QPI: convert decimal to p/q, ln(p/q), p/q*pi, e^(p/q), or sqrt(p/q)
12-11-2013, 05:24 PM (This post was last modified: 01-31-2018 08:20 PM by Han.)
Post: #1 Han Senior Member Posts: 1,882 Joined: Dec 2013
QPI: convert decimal to p/q, ln(p/q), p/q*pi, e^(p/q), or sqrt(p/q)
Jan. 31, 2018: This program now exists in the HP Prime firmware.

This program takes a decimal value and returns a one of the following expressions that is a "close" rational approximation of the specified decimal value:

$\frac{p}{q}, \quad \frac{a}{b}\cdot\sqrt{\frac{p}{q}}, \quad \frac{p}{q}\cdot \pi, \quad e^{\frac{p}{q}}, \quad \text{ or } \quad \ln \left(\frac{p}{q}\right)$

Also works for complex numbers and lists of real/complex numbers.
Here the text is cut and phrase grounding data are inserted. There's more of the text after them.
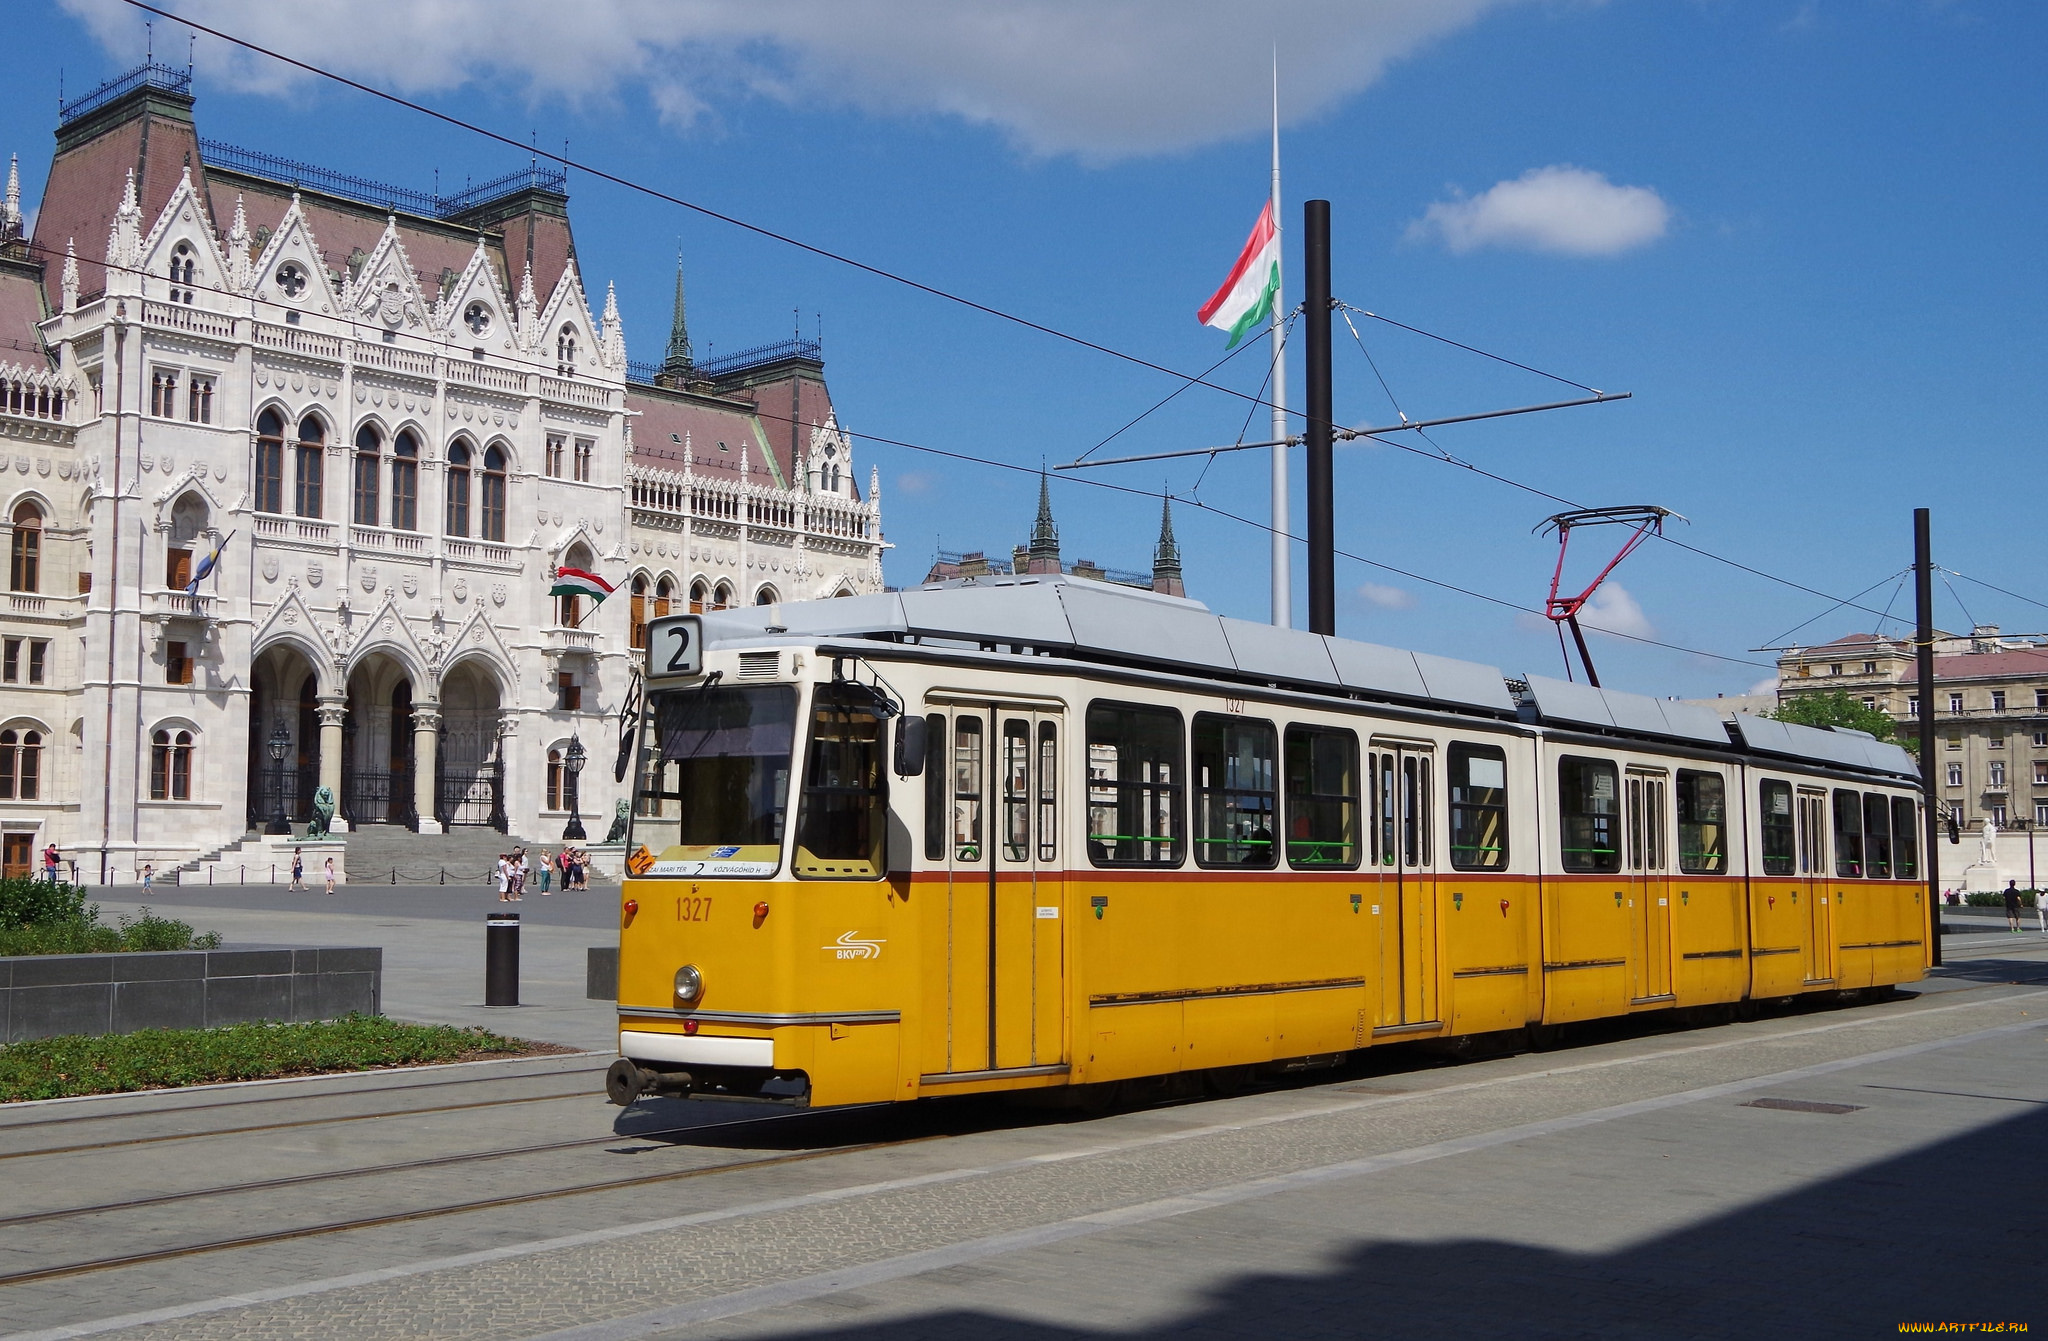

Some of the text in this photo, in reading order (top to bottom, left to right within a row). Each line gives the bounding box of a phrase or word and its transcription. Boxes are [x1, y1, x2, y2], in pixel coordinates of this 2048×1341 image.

[667, 626, 690, 672] 2
[1226, 698, 1245, 714] 1327
[1595, 773, 1600, 790] 2
[630, 847, 652, 873] F14
[693, 862, 705, 876] 2
[676, 897, 712, 922] 1327
[837, 950, 855, 959] BKV
The main algorithm basically finds the continued fraction representation of a decimal and the process either self-terminates (in the case of a rational value) or terminates due to reaching the accuracy limit. For example,
$\frac{47}{13} = 3 + \frac{1}{1+\frac{1}{1+\frac{1}{1+\frac{1}{1+\frac{1}{2}}}}}$
To get the continued fraction representation, note that
$\frac{47}{13} \approx 3.61538461538$
This decimal is converted to a rational expression
$\frac{361538461538}{10^{11}}$
which is converted into the continued fraction as follows:
$\frac{361538461538}{10^{11}} = 3 + \frac{61538461538}{10^{11}} = 3 + \frac{1}{\frac{10^{11}}{61538461538}} = 3 + \frac{1}{1+ \frac{38461538462}{61538461538}} = \dotsm$
and so on. While computing the continued fraction, the algorithm simultaneously reduces the partial continued fraction into a rational value of the form $$\frac{p}{q}$$. The other forms are merely variations in which the decimal value is either squared, divided by $$\pi$$, etc.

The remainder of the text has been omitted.